Tout commence un soir, dans l’appartement du couple – en apparence idyllique – que forment Emmanuelle Devos et Vincent Lindon. L’homme demande à sa femme ce qu’elle penserait s’il se rasait la moustache avec laquelle elle l’a toujours connu. Malgré l’indifférence vaguement réticente qu’elle manifeste, il se lance. Anodin a priori, l’événement est filmé comme une véritable épopée, en temps réel, avec une grande précision, et soutenu par une musique dramatique signée de Philip Glass. Ce qui précipite le film dans la bizarrerie.
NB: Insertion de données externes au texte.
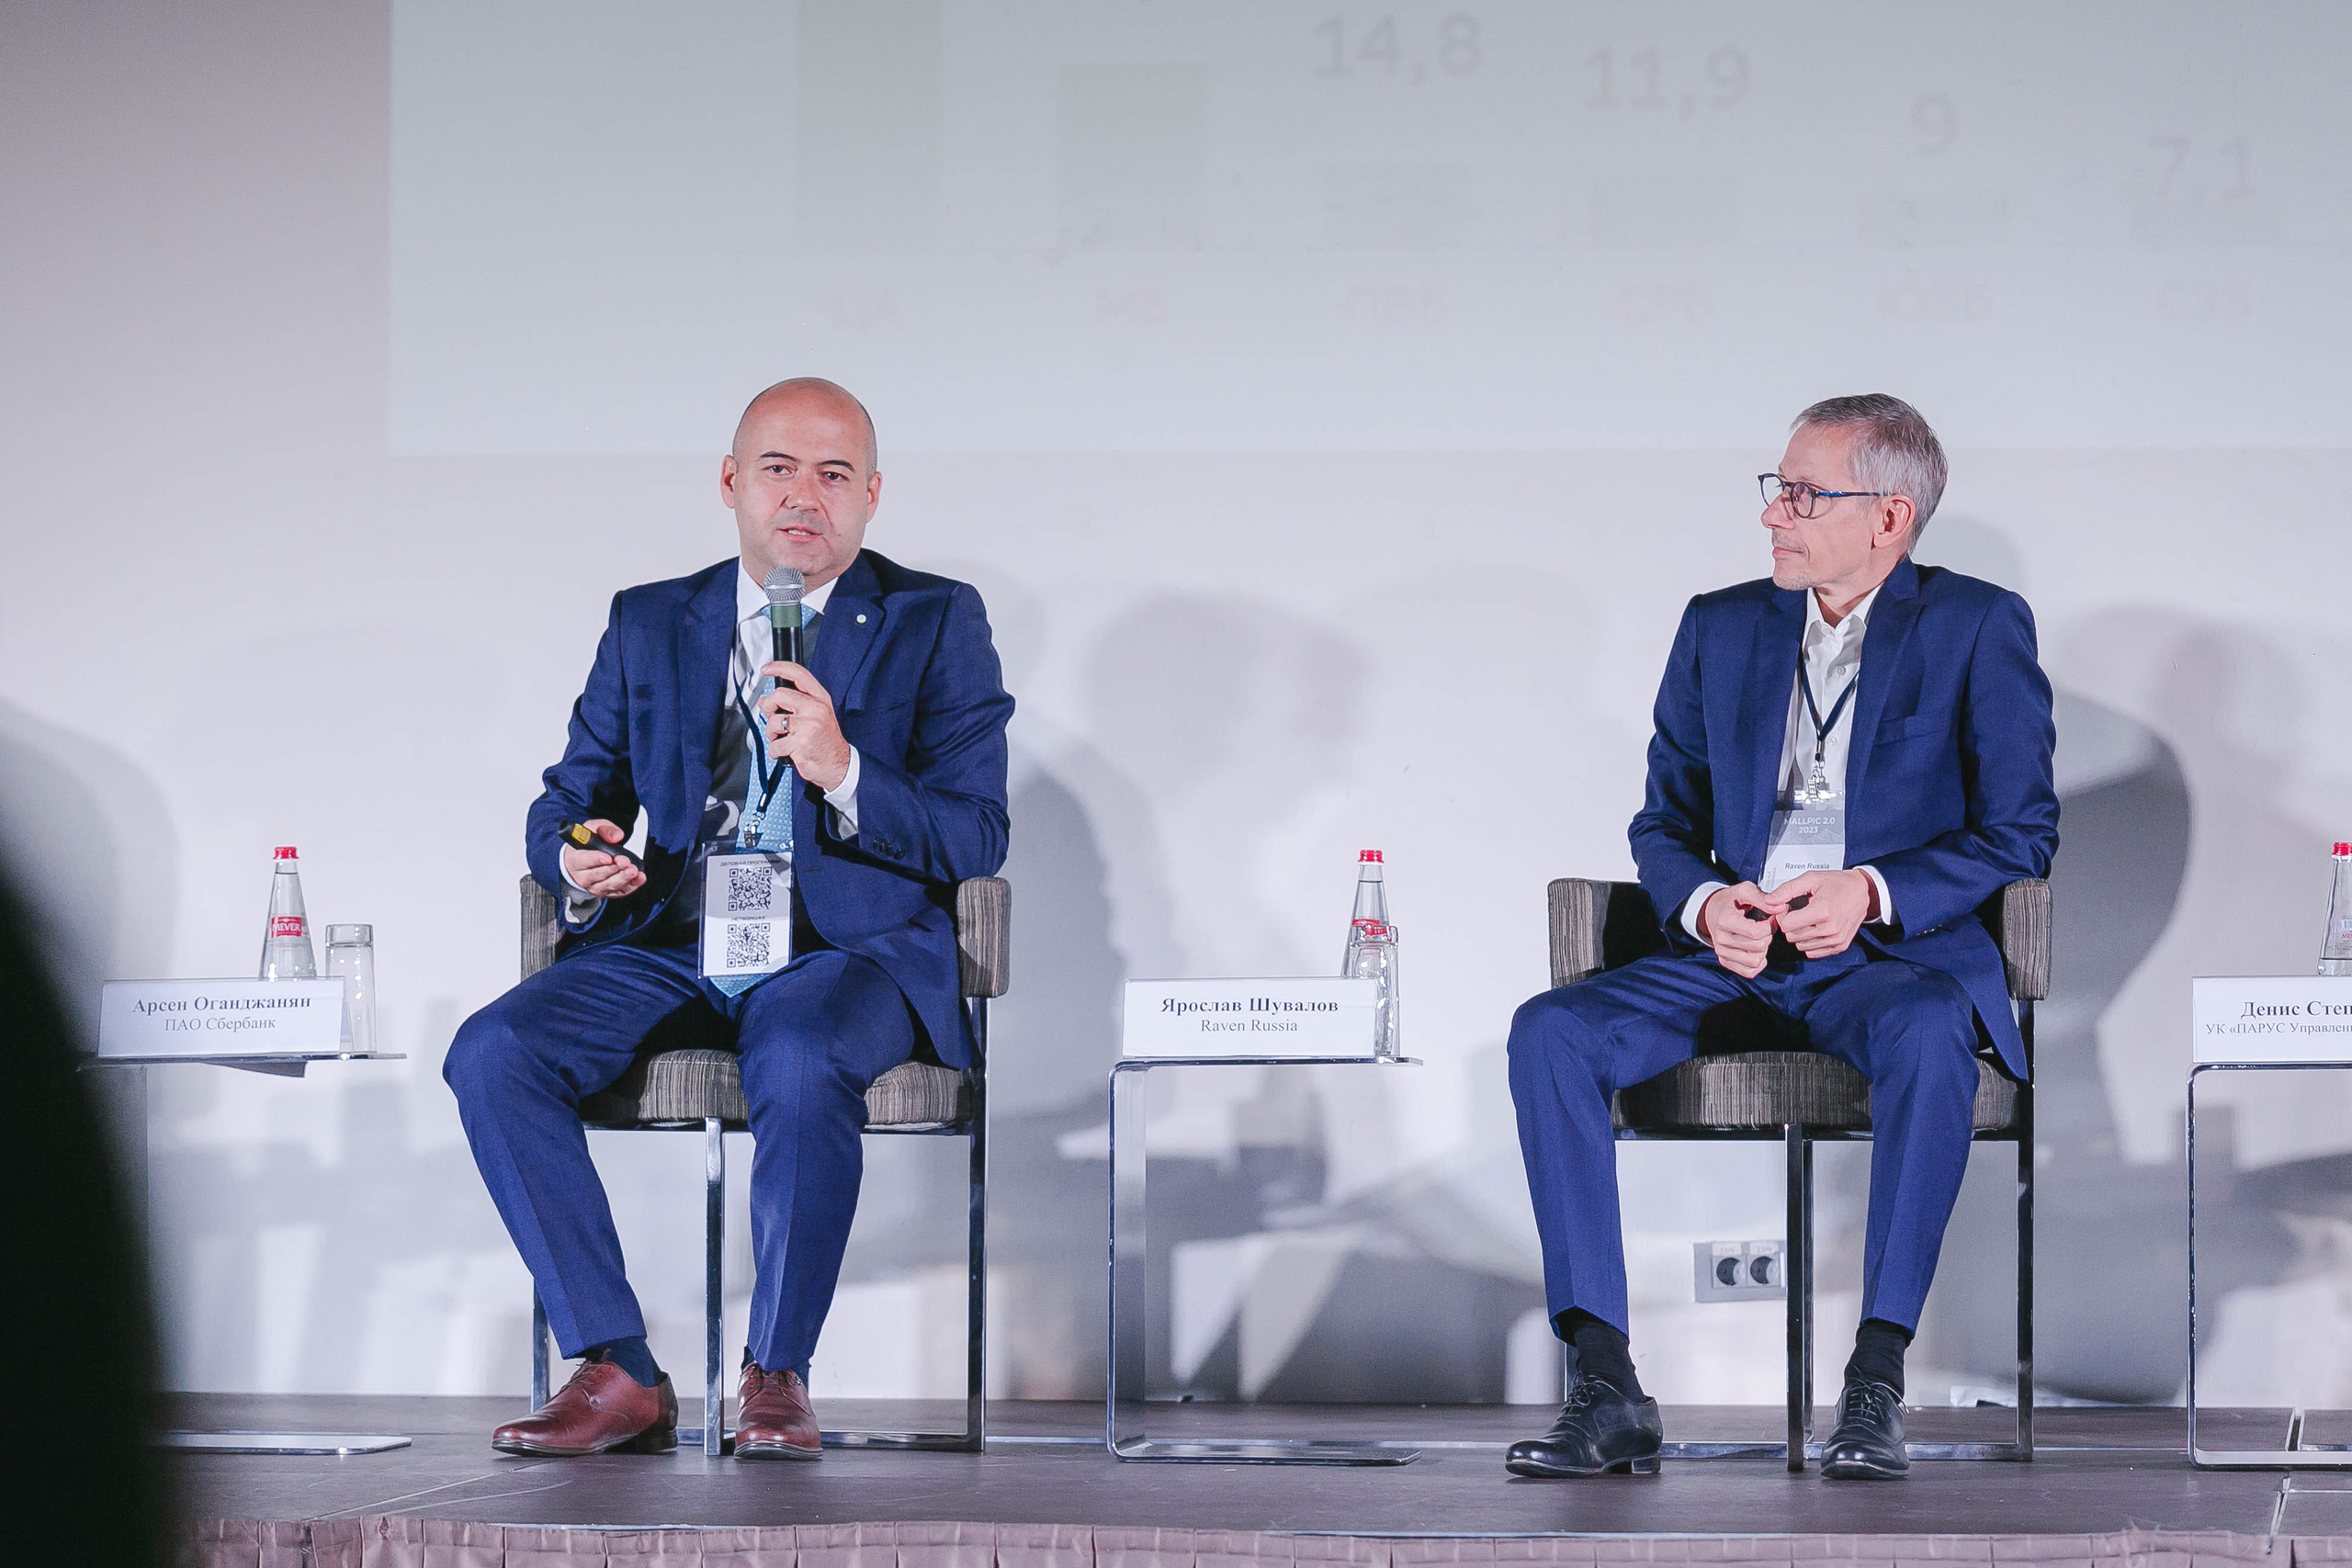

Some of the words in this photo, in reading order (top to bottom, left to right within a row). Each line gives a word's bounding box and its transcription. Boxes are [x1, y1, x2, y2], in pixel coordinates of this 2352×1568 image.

[1313, 12, 1484, 85] 14,8
[1583, 44, 1751, 121] 11,9
[1911, 93, 1960, 157] 9
[132, 998, 187, 1016] Арсен
[194, 996, 311, 1011] Оганджанян
[1160, 998, 1242, 1016] Ярослав
[1250, 998, 1339, 1016] Шувалов
[2240, 1001, 2301, 1020] Денис
[164, 1019, 201, 1031] ПАО
[206, 1016, 277, 1032] Сбербанк
[1201, 1020, 1245, 1032] Raven
[1251, 1019, 1297, 1032] Russia
[2206, 1023, 2226, 1034] УК
[2229, 1022, 2286, 1034] «ПАРУС
[2290, 1022, 2352, 1035] Управлен
Vincent Lindon | Les Films des Tournelles
Fier de son coup, l’homme se présente devant sa femme, et celle-ci semble ne rien remarquer. A ce moment du film, Emmanuel Carrère reste dans un registre plutôt burlesque, qui doit sa grande réussite au jeu silencieux de Vincent Lindon, dont le trouble s’exprime uniquement dans une série de regards inquiets, perdus, implorants... L’impression d’étrangeté est renforcée quand le couple se rend chez des amis, qui, eux non plus, ne remarquent pas le changement, et bascule véritablement dans la peur quand Lindon confronte ouvertement sa femme à la situation. Terrifiée, celle-ci soutient mordicus que si personne n’a rien remarqué, c’est simplement parce qu’il n’a jamais eu de moustache.
Tourbillon de folie
Qui, de Vincent Lindon ou du reste du monde, est dans la folie ? Rien n’est jamais clair. Un tourbillon de folie se déchaîne, les souvenirs de sa vie s’effacent, sont remplacés par d’autres, les repères se brouillent. Emmanuel Carrère fait naître le trouble en jouant habilement avec les matières : le flou des vitres, les variations d’intensité sonore, le corps de Vincent Lindon, qu’il finit par faire ressembler à celui du personnage de La Métamorphose de Kafka... Après une belle échappée dans un Hongkong fantasmatique ? le voyage intérieur s’achève par une renaissance : la reconquête d’une individualité propre indépendante du regard de l’autre.
La Moustache, d’Emmanuel Carrère. Avec Vincent Lindon, Emmanuel Devos (Fr. 2005, 86min).